***** RECORDS FOR PROCESSING

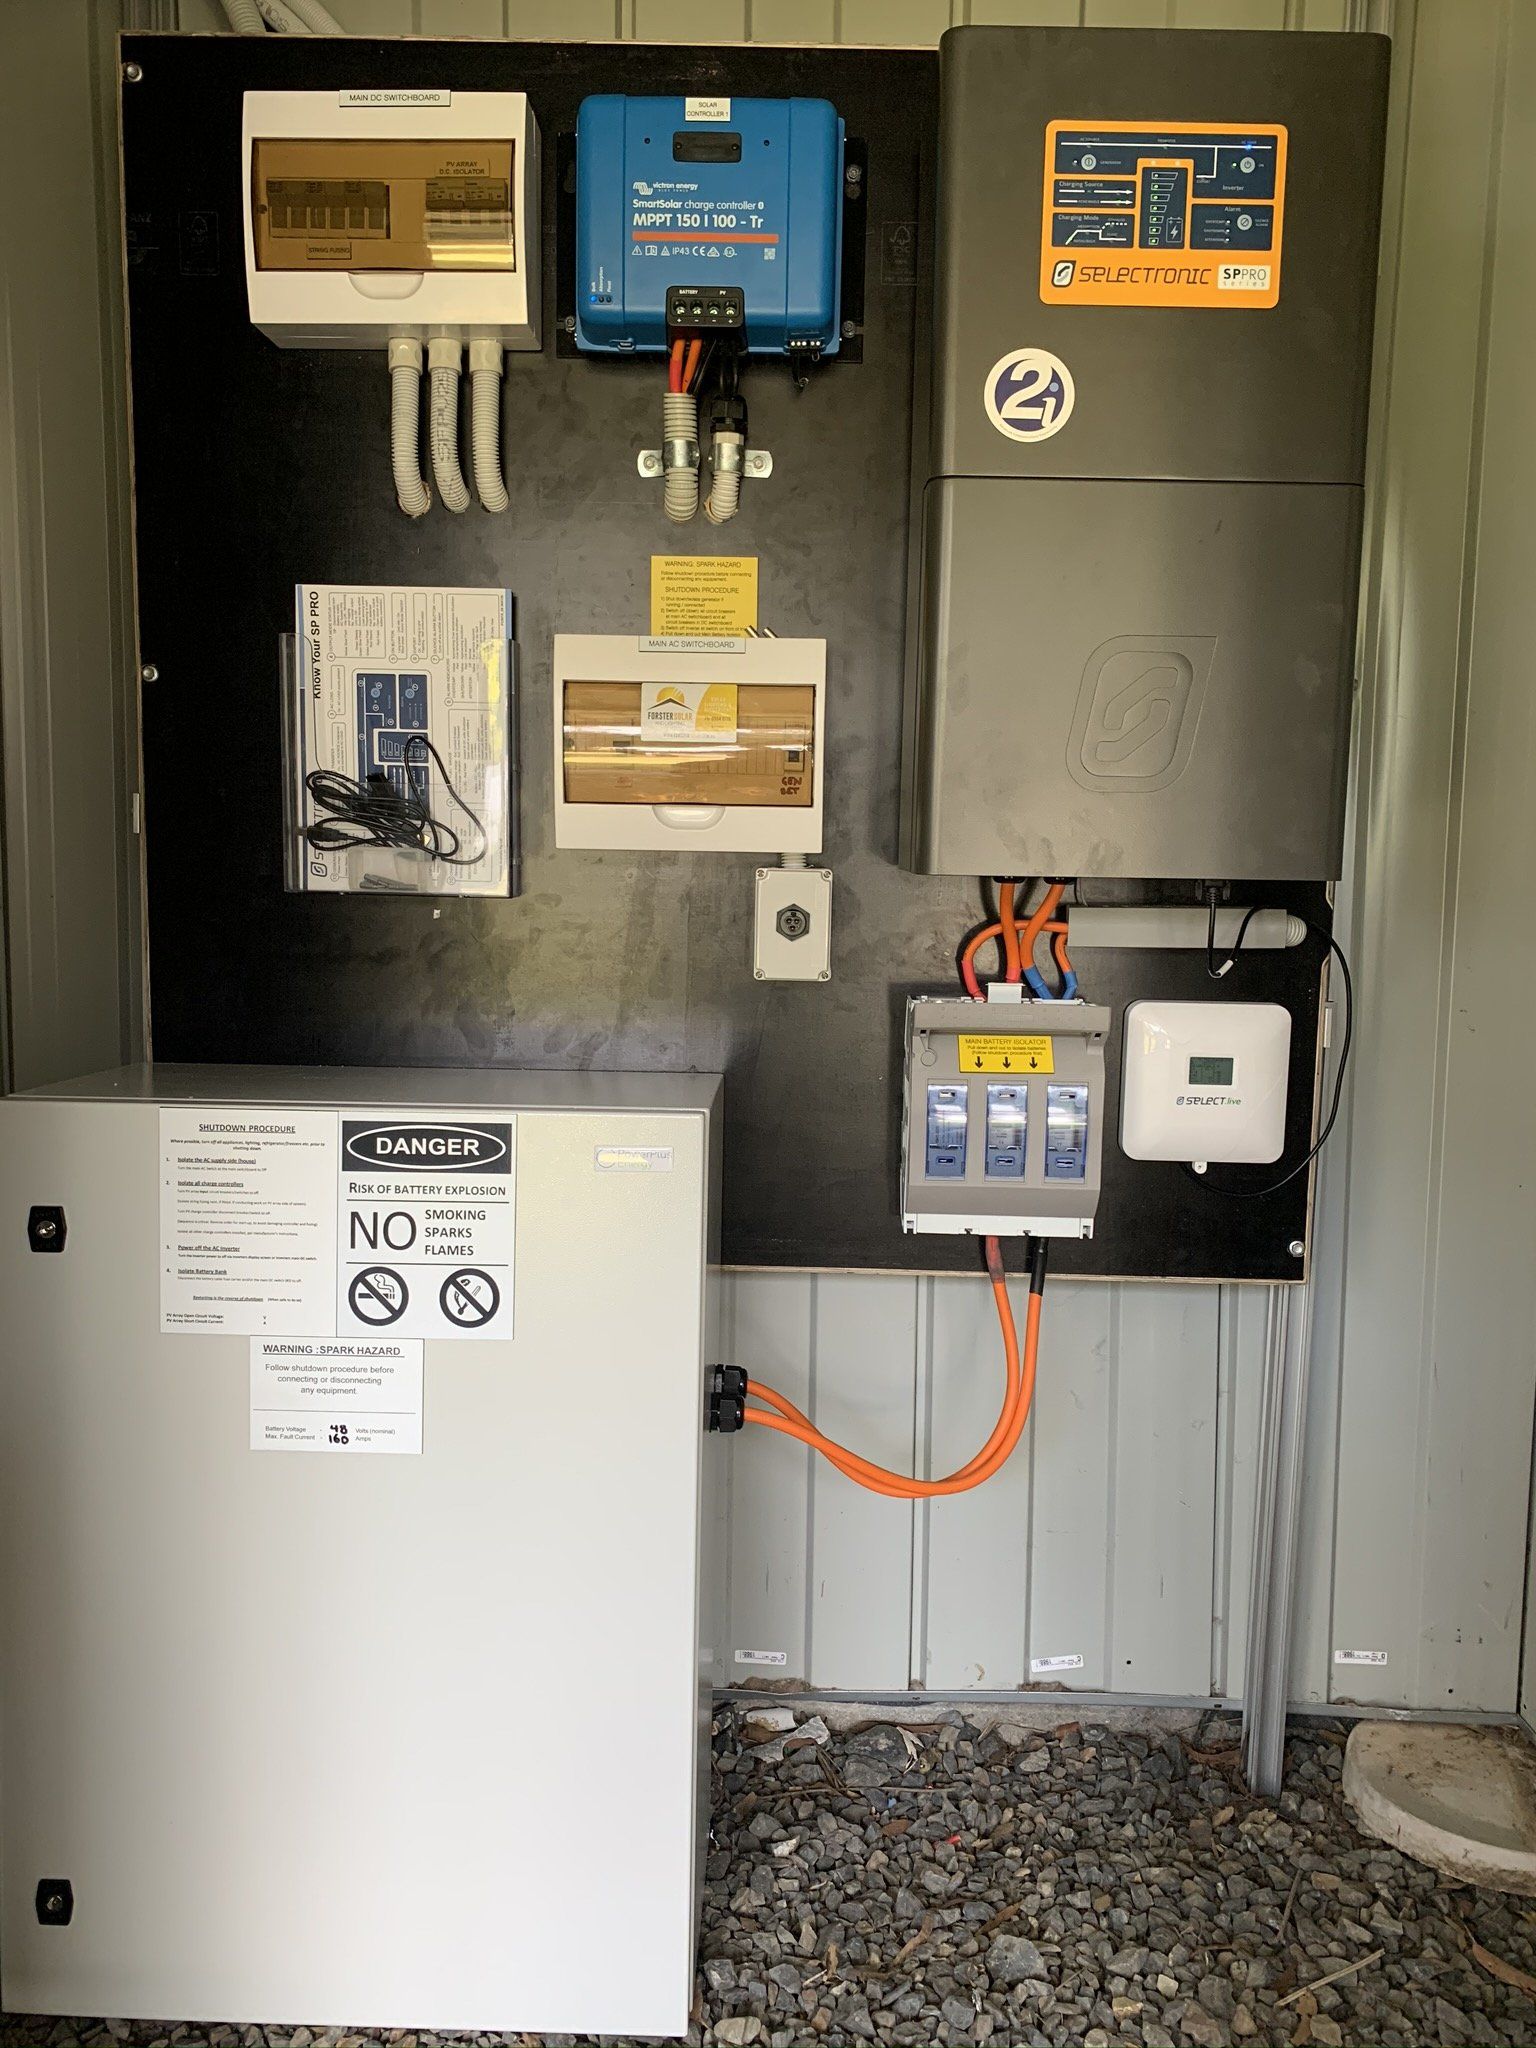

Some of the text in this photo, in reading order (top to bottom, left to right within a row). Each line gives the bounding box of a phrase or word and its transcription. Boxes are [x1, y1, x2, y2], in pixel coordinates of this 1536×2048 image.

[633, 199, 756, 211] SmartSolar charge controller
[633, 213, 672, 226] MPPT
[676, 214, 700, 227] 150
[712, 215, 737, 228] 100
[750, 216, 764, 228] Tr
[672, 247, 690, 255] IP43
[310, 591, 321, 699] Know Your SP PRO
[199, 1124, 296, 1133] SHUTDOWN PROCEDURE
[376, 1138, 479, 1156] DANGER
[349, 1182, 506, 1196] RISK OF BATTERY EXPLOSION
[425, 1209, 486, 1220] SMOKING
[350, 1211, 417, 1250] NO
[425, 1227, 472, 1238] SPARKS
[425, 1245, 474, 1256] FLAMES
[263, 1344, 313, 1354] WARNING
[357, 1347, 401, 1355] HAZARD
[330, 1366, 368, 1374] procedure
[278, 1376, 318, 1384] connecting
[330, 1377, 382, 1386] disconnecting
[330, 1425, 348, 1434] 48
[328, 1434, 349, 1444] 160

**********

* **PROBLEM DESCRIPTION**
Print the material above word for word, and keep the pictures out of it.

* **YOUR SOLUTION**
Some of the text in this photo, in reading order (top to bottom, left to right within a row). Each line gives the bounding box of a phrase or word and its transcription. Boxes are [x1, y1, x2, y2], in pixel coordinates of this 1536×2048 image.

[633, 199, 756, 211] SmartSolar charge controller
[633, 213, 672, 226] MPPT
[676, 214, 700, 227] 150
[712, 215, 737, 228] 100
[750, 216, 764, 228] Tr
[672, 247, 690, 255] IP43
[310, 591, 321, 699] Know Your SP PRO
[199, 1124, 296, 1133] SHUTDOWN PROCEDURE
[376, 1138, 479, 1156] DANGER
[349, 1182, 506, 1196] RISK OF BATTERY EXPLOSION
[425, 1209, 486, 1220] SMOKING
[350, 1211, 417, 1250] NO
[425, 1227, 472, 1238] SPARKS
[425, 1245, 474, 1256] FLAMES
[263, 1344, 313, 1354] WARNING
[357, 1347, 401, 1355] HAZARD
[330, 1366, 368, 1374] procedure
[278, 1376, 318, 1384] connecting
[330, 1377, 382, 1386] disconnecting
[330, 1425, 348, 1434] 48
[328, 1434, 349, 1444] 160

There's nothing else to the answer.